What has happened to the post of Home Secretary these days? Why has it become such a poisoned chalice?
You would think a primary requirement for a Home Secretary might be intellectual rigour combined with an ability to stand up to the stridencies of the more extreme wings of the party in power.
Instead, not long ago, Labour had the fiasco of Jacqui Smith in the post.
And now the Tories have Theresa May.
I watched the Tories airing their views during this year’s Party Conference with mingled astonishment and disappointment at the gibberish originating from several Cabinet Ministers in the present coalition government.
None of the speeches was impressive – and David Cameron, not at his best, failed to carry conviction.
But the big joke of the conference was Theresa May.
The focus of the Home Secretary’s speech was the Human Rights Act, which she claimed was bad for the country and ripe for scrapping, taking her examples of its misworkings from the cases of criminals of foreign origin whom Britain has been unable to deport.

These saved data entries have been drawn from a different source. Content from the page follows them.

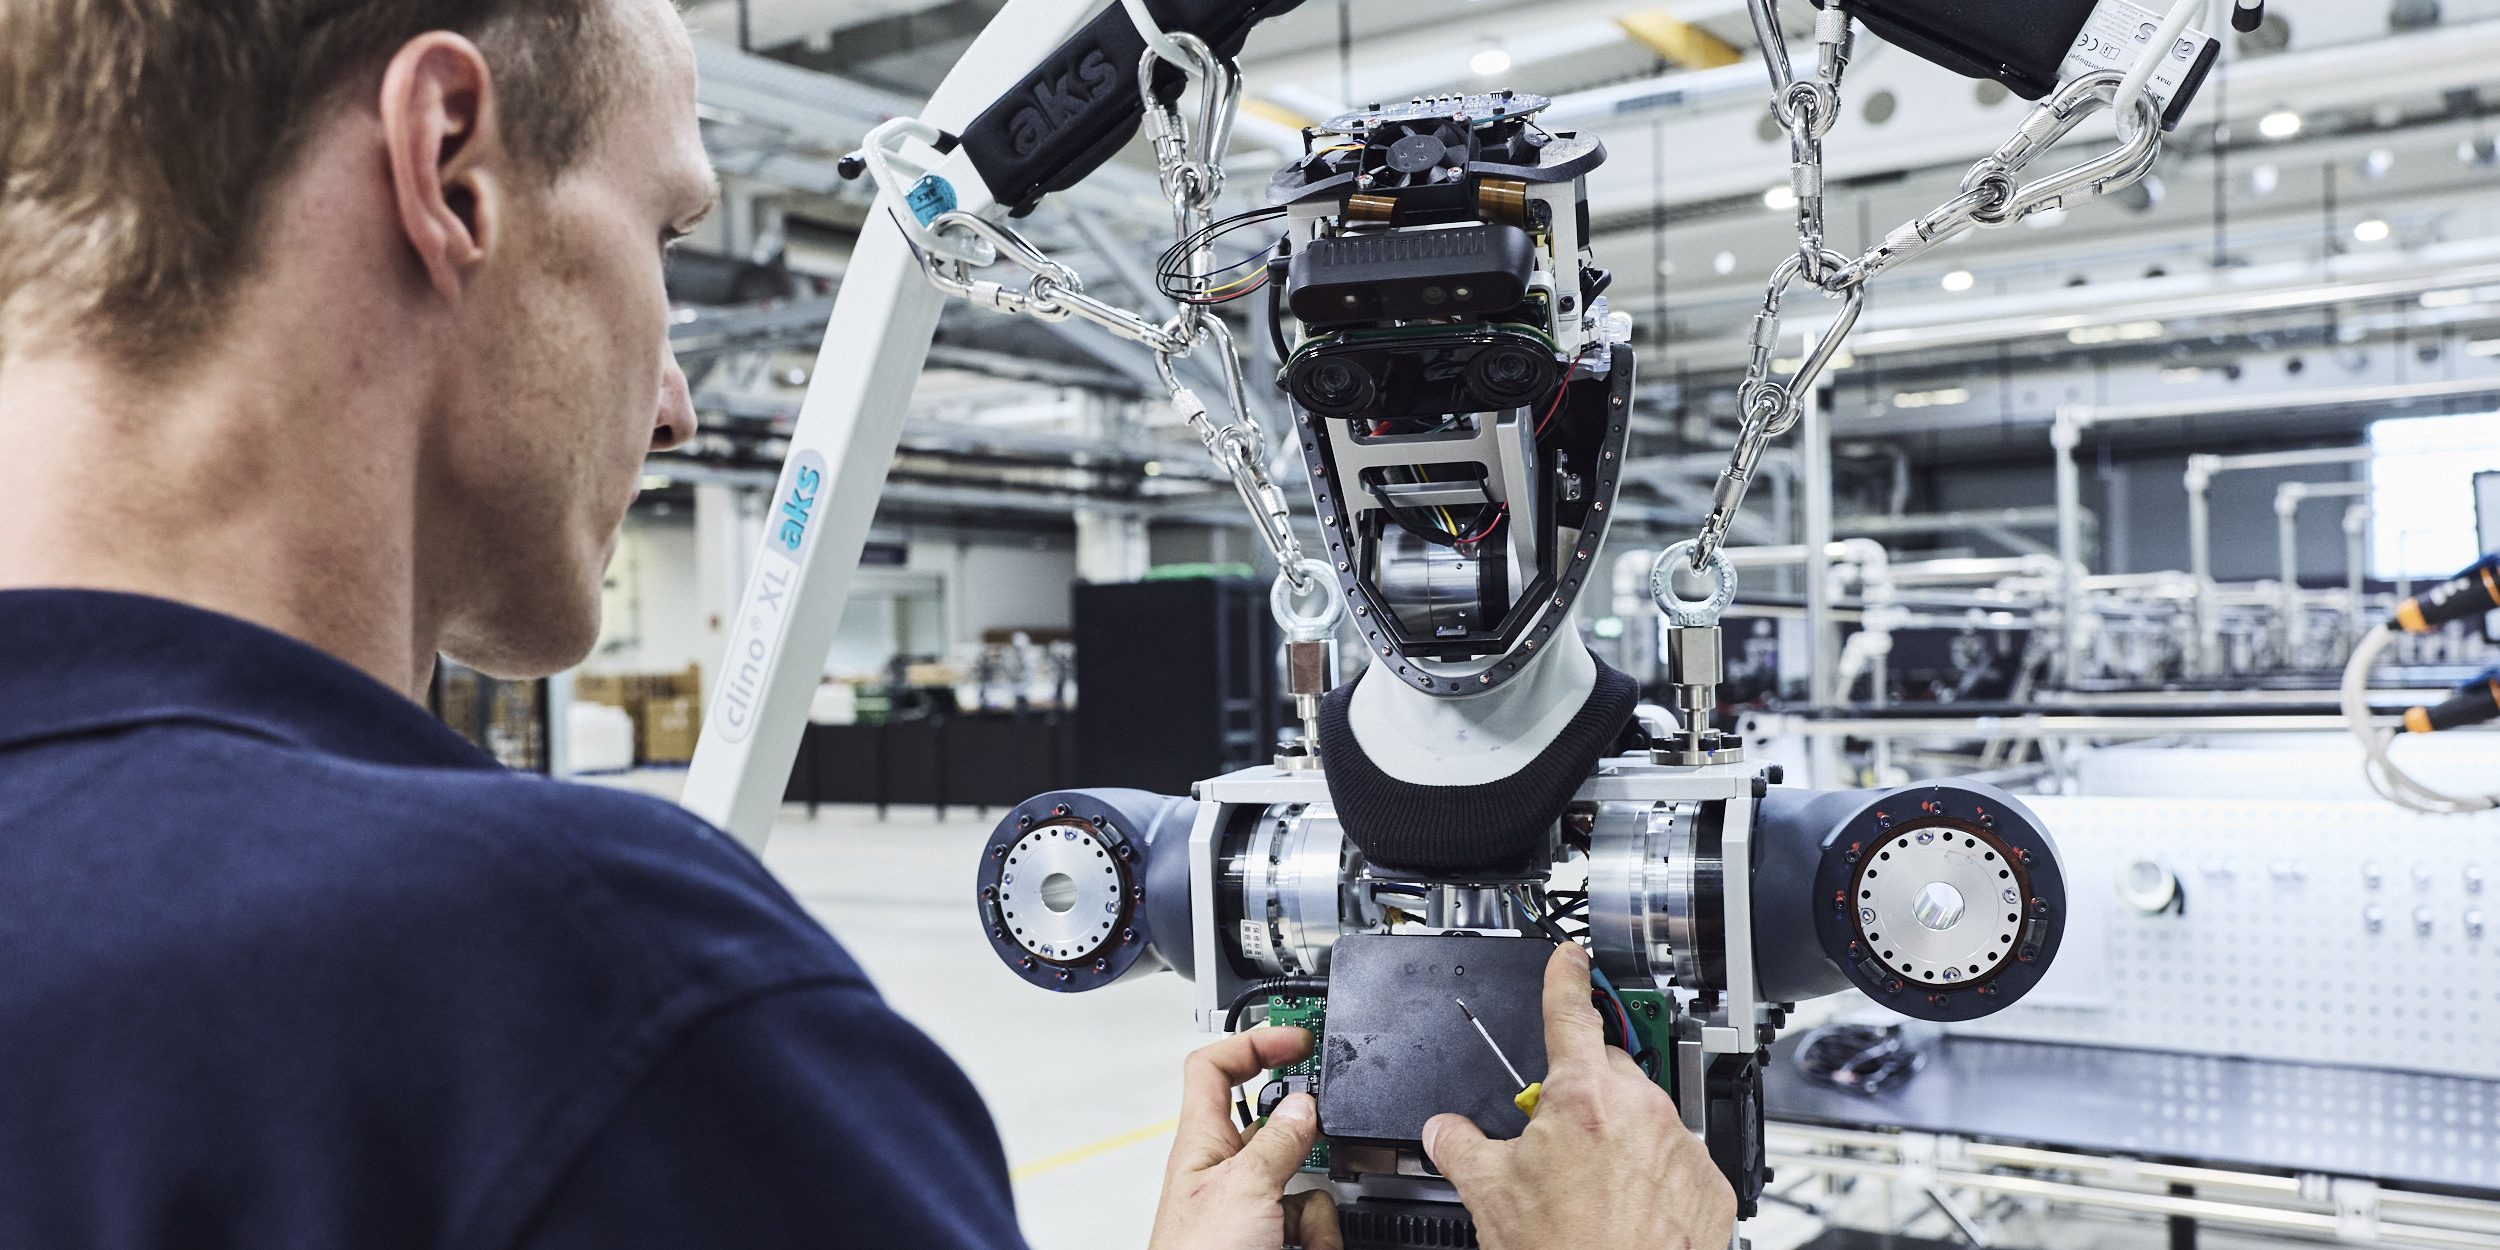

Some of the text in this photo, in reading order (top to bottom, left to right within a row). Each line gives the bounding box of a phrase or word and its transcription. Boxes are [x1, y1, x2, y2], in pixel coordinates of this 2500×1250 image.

[2134, 22, 2195, 62] as
[1009, 48, 1118, 157] aks
[917, 187, 937, 203] aks
[780, 466, 820, 551] aks
[758, 570, 789, 614] XL

This was to place the blame on the legislation itself, and not where it truly belongs: on its interpretation by the judiciary, where it is some of our esteemed judges who give the impression of needing education.
But, dramatically, Mrs May then came out with the notoriously stupid example of a Bolivian man escaping deportation simply because he owned a pet cat, which was said to be evidence of a family tie.
Theresa May had certainly played to the lowest common denominators of the Tory gallery – and got their hoots of laughter – but, believe it or not, when the furore and derision that the story elicited broke in the outside world Downing Street moved to support the truth of it.
How are we to take our politicians with any measure of seriousness when they make such fools of themselves in so ridiculous a manner?
Only the veteran politician Kenneth Clarke has taken issue with the Home Secretary, saying she had made ‘a parody’ of a court ruling and declaring the pet cat story to be complete nonsense.
Moreover, it seemed she was using it to try and put pressure on the work of the commission currently looking into human rights legislation to see how it might be improved or replaced.
The reward for Mr Clarke’s common sense is to have stirred up a gale of speculation about his future in the Cabinet, with suggestions being made that he’s in line to be axed at David Cameron’s next reshuffle in the New Year.
If such speculations do come to pass, then the hopes of a future Conservative administration are doomed to failure – for how can we find any party electable if it proposes to demolish something as important as human rights legislation with a story about a cat?
The fall of Mr Clarke would also infer that trivial gimmicks are acceptable in serious debate, despite their silliness, and will prove to the public that politics and politicians in Britain are in a downward trend from which they do not seem even to have a wish to extract themselves.
If we are to retain our dignity as a nation, then our present coalition government, with its mixed balances of checks and responsibilities, should certainly not follow in the path of the shambolic Labour government that it replaced.
The Conservative Party Conference for 2011 offered little reassurance in this respect, having offered up ‘Catgate’ as the theme by which it will be best remembered.